(Dataset excerpts)
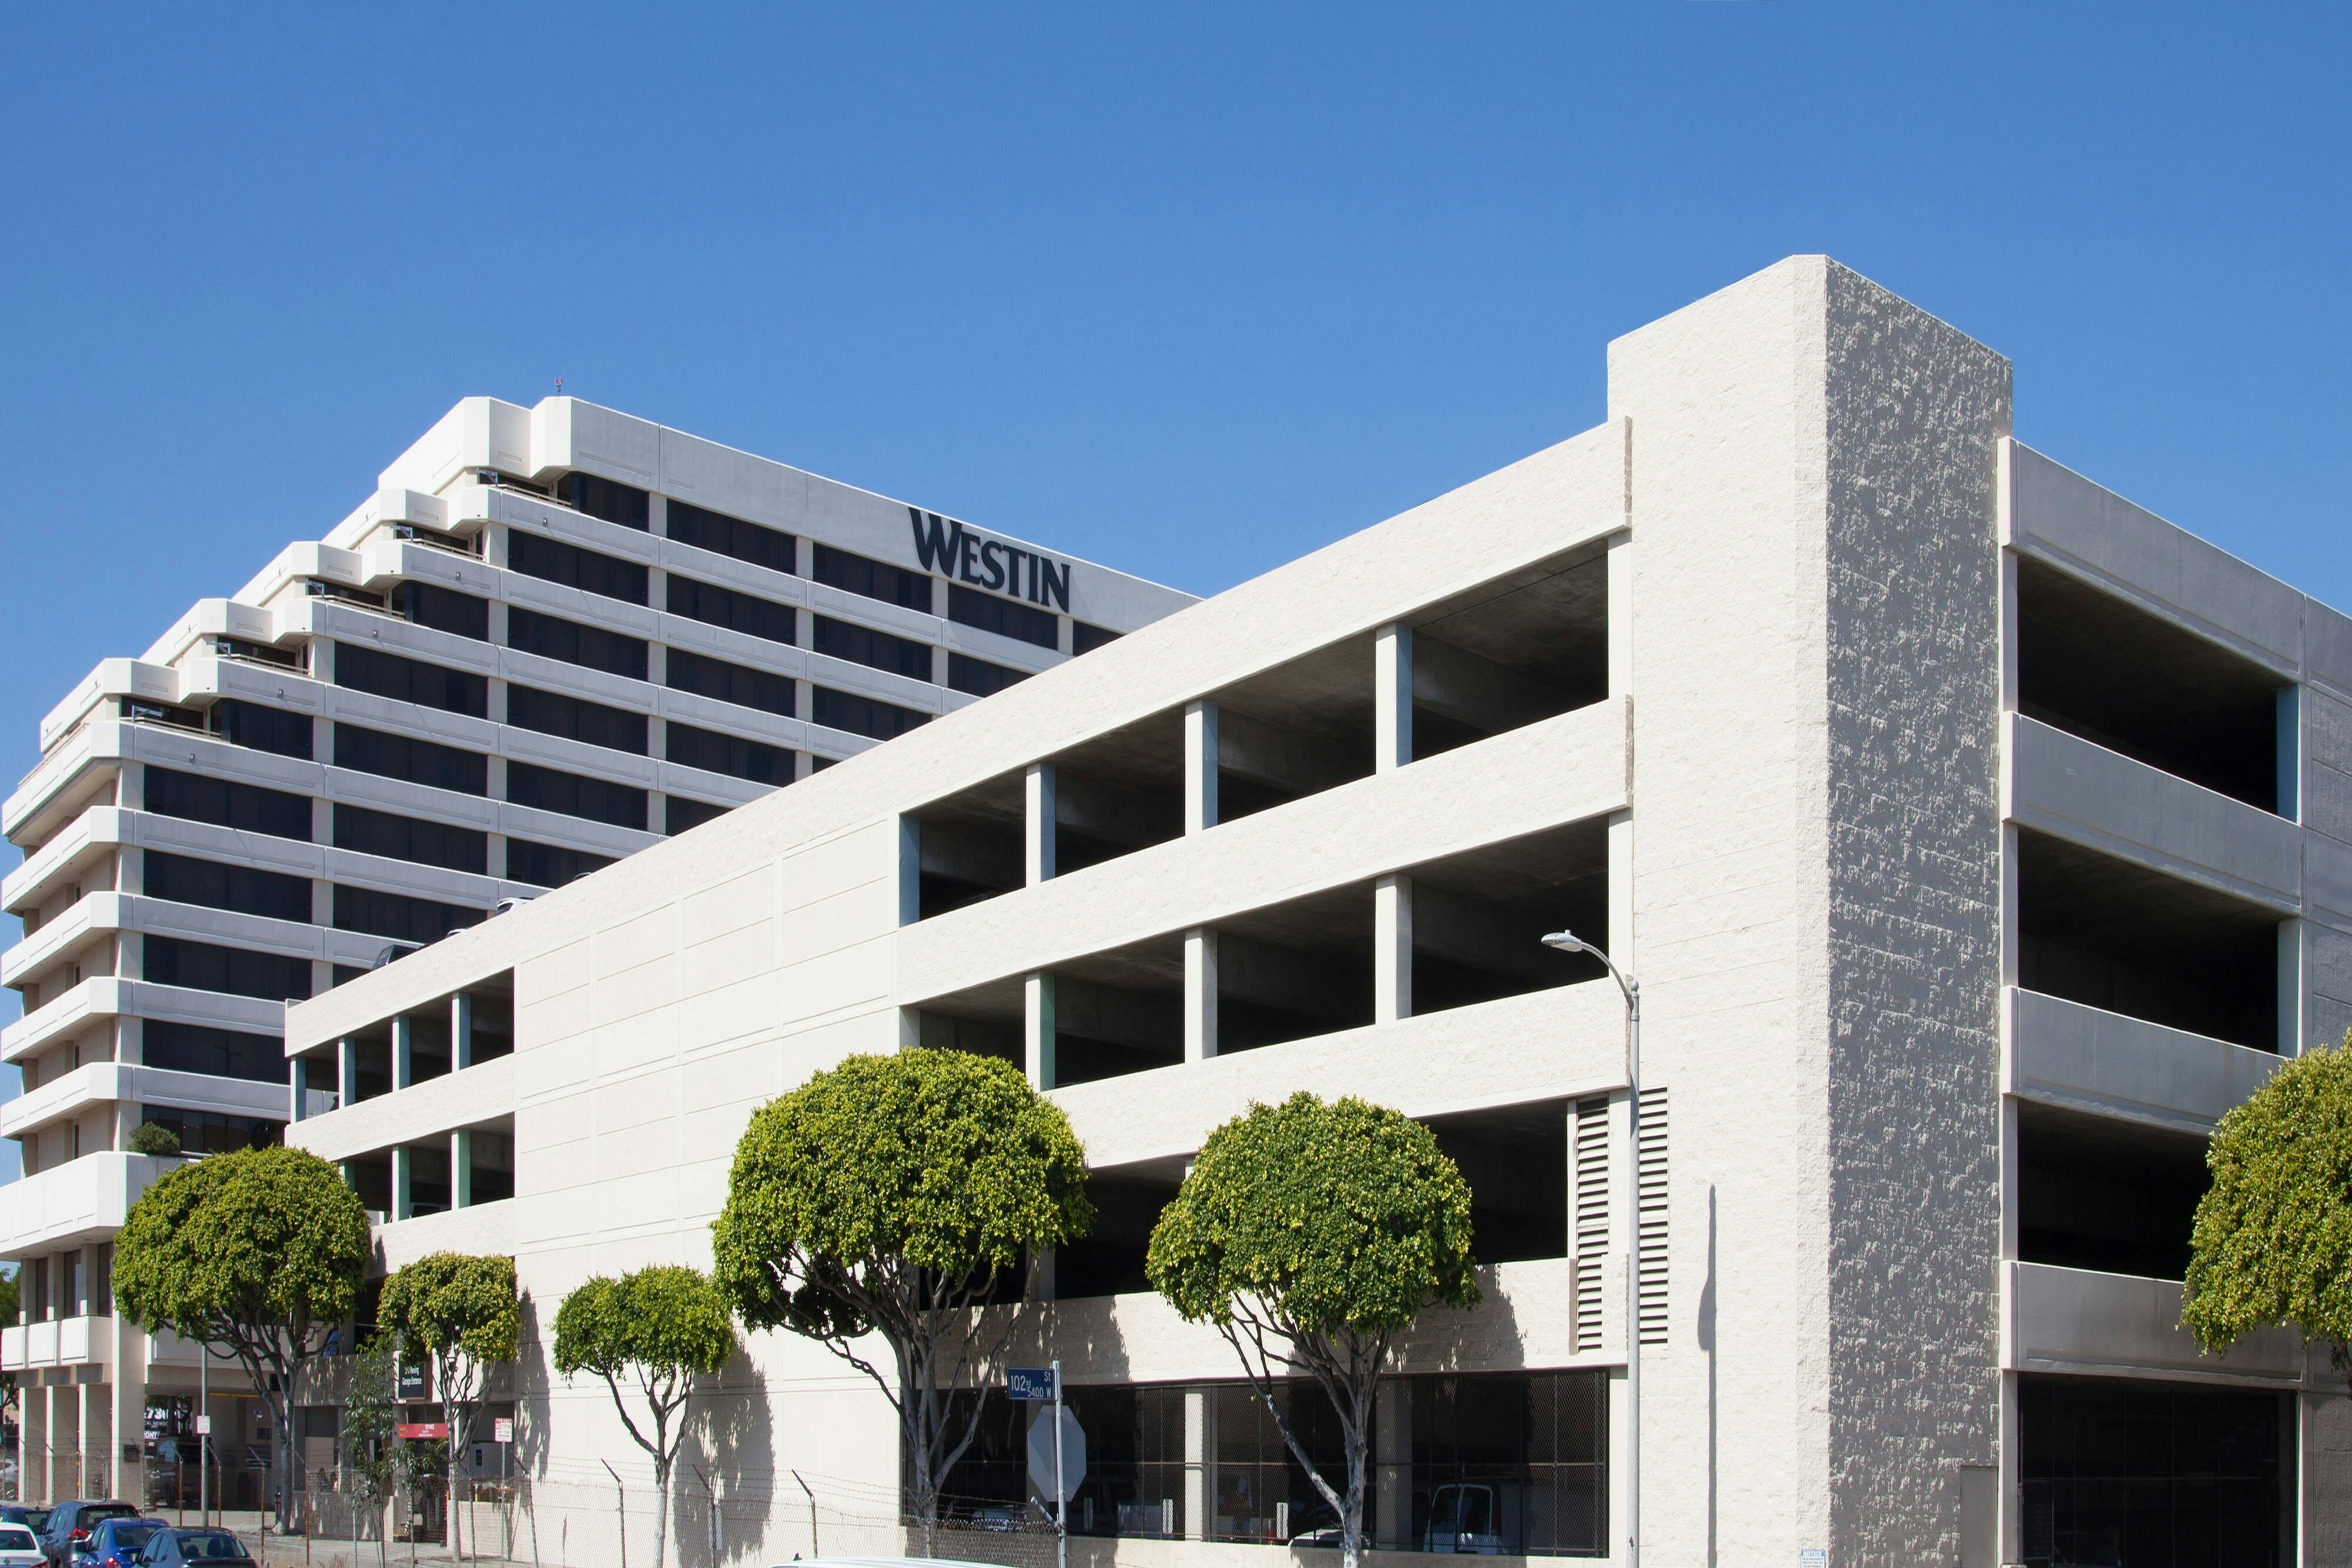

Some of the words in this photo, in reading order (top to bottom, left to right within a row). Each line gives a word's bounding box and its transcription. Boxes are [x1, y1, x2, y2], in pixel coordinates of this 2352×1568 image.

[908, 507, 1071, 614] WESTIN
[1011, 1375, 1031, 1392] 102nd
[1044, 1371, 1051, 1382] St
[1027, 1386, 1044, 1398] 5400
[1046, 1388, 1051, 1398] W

--- What is required ---
For the data above, return an exact copy that contains no pictures.

--- Exercise response ---
Some of the words in this photo, in reading order (top to bottom, left to right within a row). Each line gives a word's bounding box and its transcription. Boxes are [x1, y1, x2, y2], in pixel coordinates of this 2352×1568 image.

[908, 507, 1071, 614] WESTIN
[1011, 1375, 1031, 1392] 102nd
[1044, 1371, 1051, 1382] St
[1027, 1386, 1044, 1398] 5400
[1046, 1388, 1051, 1398] W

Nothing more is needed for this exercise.